Выбрать главу

Черты лица, съ годами, раздались и вообще крупныя, на щекахъ какъ будто слѣды оспинокъ. Взглядъ ласковый и немного улыбающійся. Типъ южный, а не римскій.

Кардиналъ ввелъ меня въ гостиную и усадилъ рядомъ съ собою на диванъ, противъ двери. Онъ былъ въ подержаной сутанѣ, какъ трудовой, необычайно — занятой человѣкъ, про котораго говорятъ всѣ, что онъ занимается цѣлый день, съ пяти часовъ утра до поздней ночи.

Говоритъ онъ молодымъ голосомъ, по-французски, своеобразно, съ акцентомъ. Съ первыхъ его фразъ я, прислушиваясь и взглядывая на него сбоку, все ждалъ «сфинкса» и «молчальника», но ни того, ни другого что-то не являлось.

Со мной бесѣдовалъ тихо, просто, благосклонно очень обходительный и скорѣе разговорчивый хозяинъ.
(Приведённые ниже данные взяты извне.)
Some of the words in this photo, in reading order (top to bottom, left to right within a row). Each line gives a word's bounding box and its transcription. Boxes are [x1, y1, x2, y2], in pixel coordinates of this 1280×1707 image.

И я себя сразу почувствовалъ съ нимъ гораздо свободнѣе и уютнѣе, чѣмъ съ любымъ изъ «особъ» военнаго и гражданскаго вѣдомствъ, удостоивающимъ васъ «пріема», даже если вы къ этимъ особамъ находитесь въ отношеніяхъ равнаго къ равному.
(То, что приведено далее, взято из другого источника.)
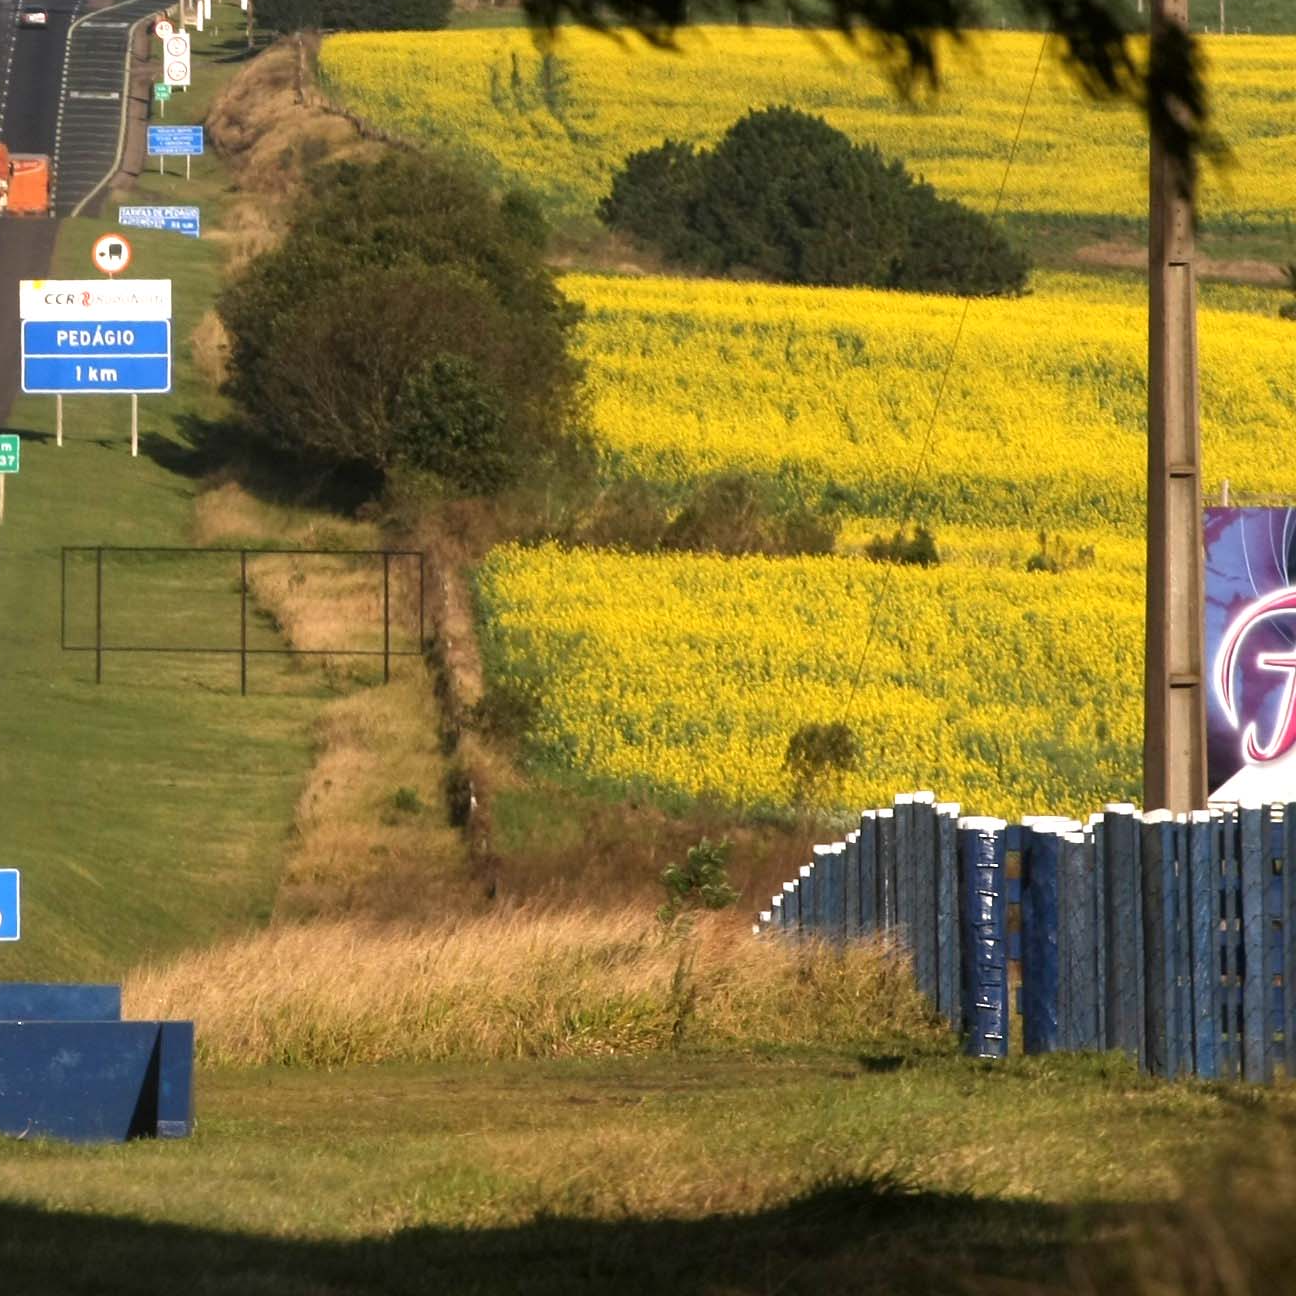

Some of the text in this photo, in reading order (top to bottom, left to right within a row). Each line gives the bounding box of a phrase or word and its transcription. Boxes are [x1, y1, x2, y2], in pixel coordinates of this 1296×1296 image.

[44, 293, 75, 305] CCR
[56, 324, 135, 347] PEDÁGIO
[76, 365, 118, 382] 1 km
Уже и то было очень мило, что первое лицо послѣ папы не требуетъ вовсе, чтобы къ нему являлись непремѣнно во фракѣ и бѣломъ галстукѣ. Въ миссіи мнѣ сказали, что это не нужно, и сюртука совершенно достаточно.
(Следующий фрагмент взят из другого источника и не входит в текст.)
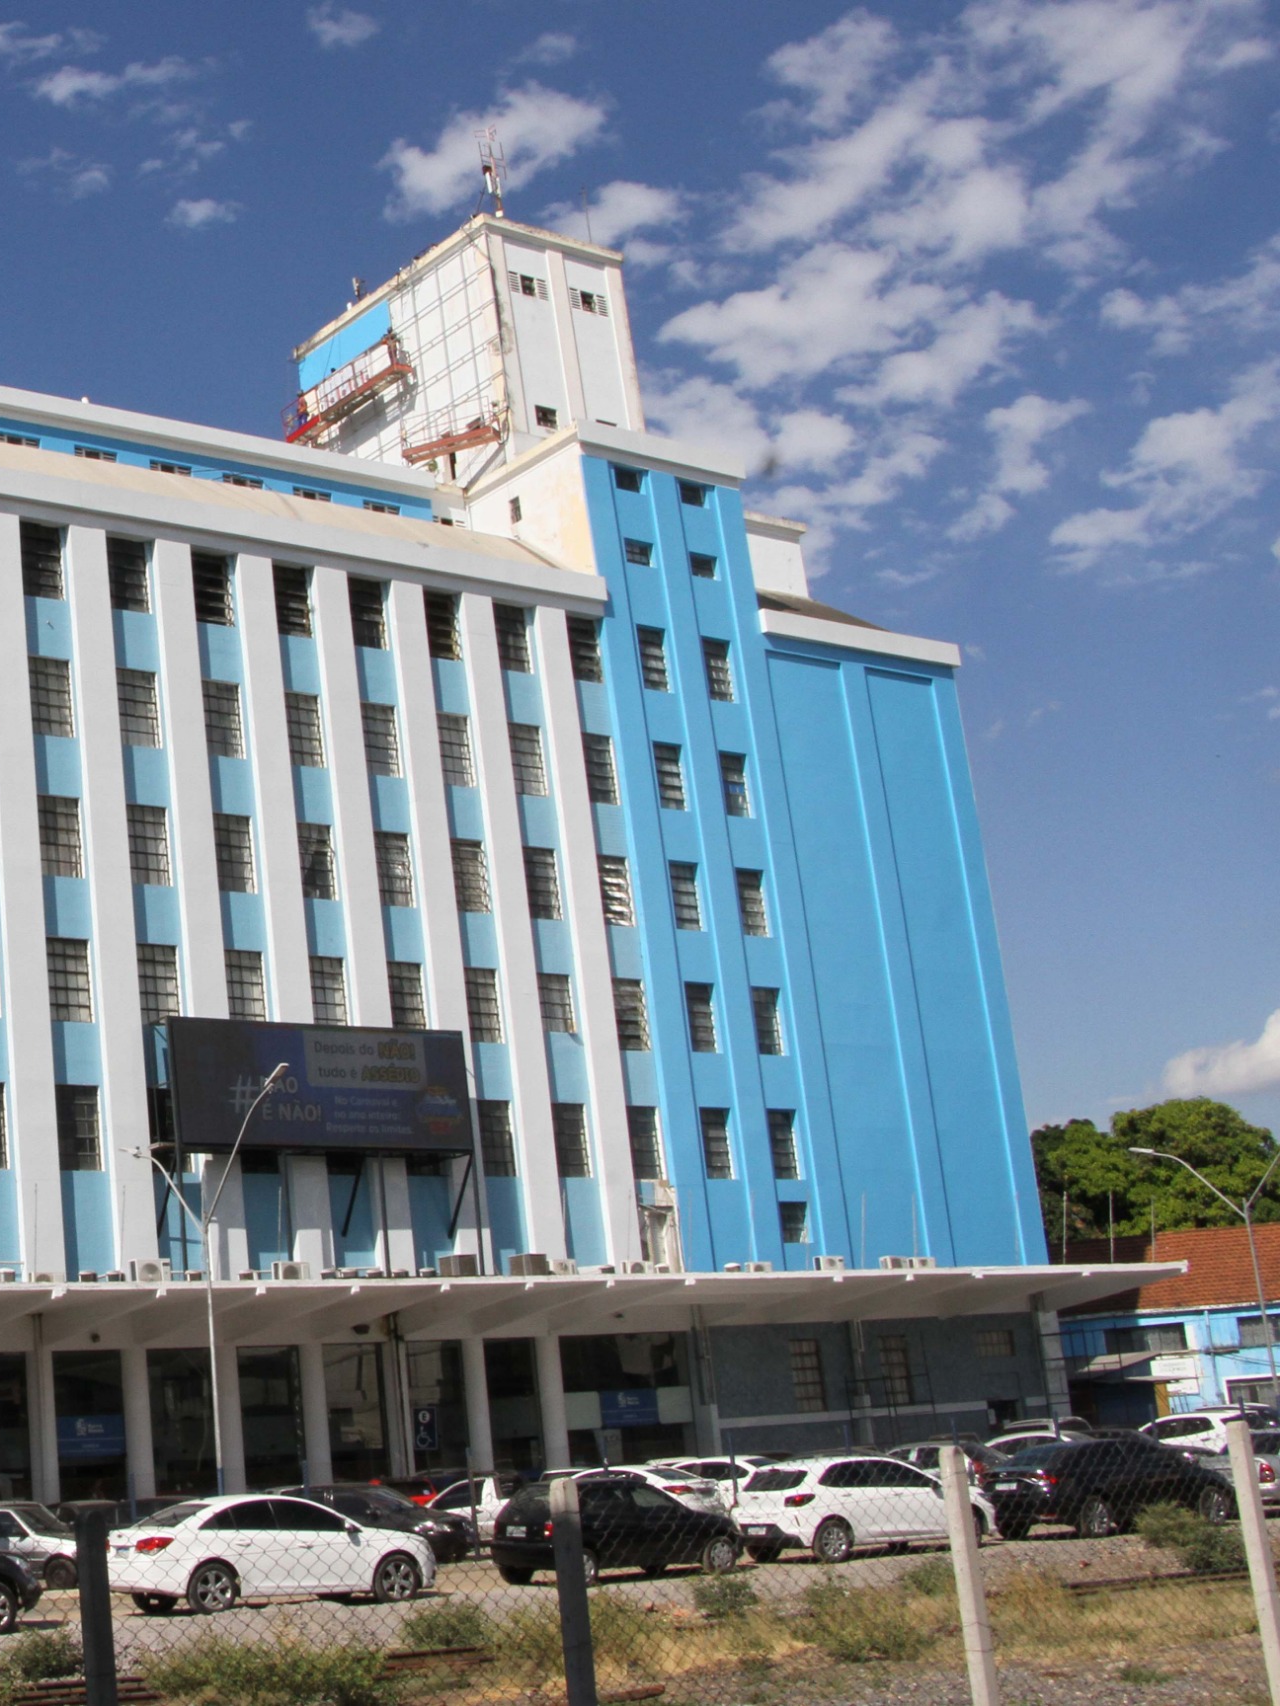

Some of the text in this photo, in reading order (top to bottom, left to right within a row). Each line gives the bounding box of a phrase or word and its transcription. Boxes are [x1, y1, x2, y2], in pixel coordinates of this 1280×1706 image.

[314, 1038, 416, 1060] Depois do NÃO!
[318, 1066, 347, 1078] tudo
[262, 1098, 322, 1122] É NÃO!
Кардиналъ заговорилъ со мной сейчасъ же, какъ съ писателемъ, и въ своемъ любезномъ обращеніи ко мнѣ нѣсколько разъ повторилъ, что «работники умственнаго труда служатъ своему отечеству не менѣе другихъ и что ему особенно было бы пріятно, чтобы я, поживъ въ Римѣ, вынесъ вѣрное представленіе о желаніи Римской куріи сохранить съ моимъ отечествомъ самыя лучшія отношенія».

Конечно, рѣчь сама собою коснулась «св. отца», его энцикликъ, его широкихъ взглядовъ на восточныя церкви.

Какъ разъ въ это время случился въ Петербургѣ одинъ инцидентъ. Сдержанно, но безъ всякой лишней уклончивости, кардиналъ говорилъ о томъ, какъ св. отцу прискорбны всѣ такіе факты и какъ Ватиканъ не перестаетъ внушать своему духовенству, въ предѣлахъ Россіи, что не слѣдуетъ къ вопросамъ вѣры и культа примѣшивать антагонизмъ расовый и политическій.

Мнѣ было такъ легко бесѣдовать съ молчальникомъ, что я рѣшительно недоумѣвалъ, почему у него такая репутація. «Сфинксъ» тоже отсутствовалъ. Вѣроятно, онъ выступаетъ тогда, когда надо чего-нибудь добиться опредѣленнаго на дѣловыхъ пріемахъ, но въ разговорѣ общаго характера ничего напоминающаго это мифическое существо я не находилъ.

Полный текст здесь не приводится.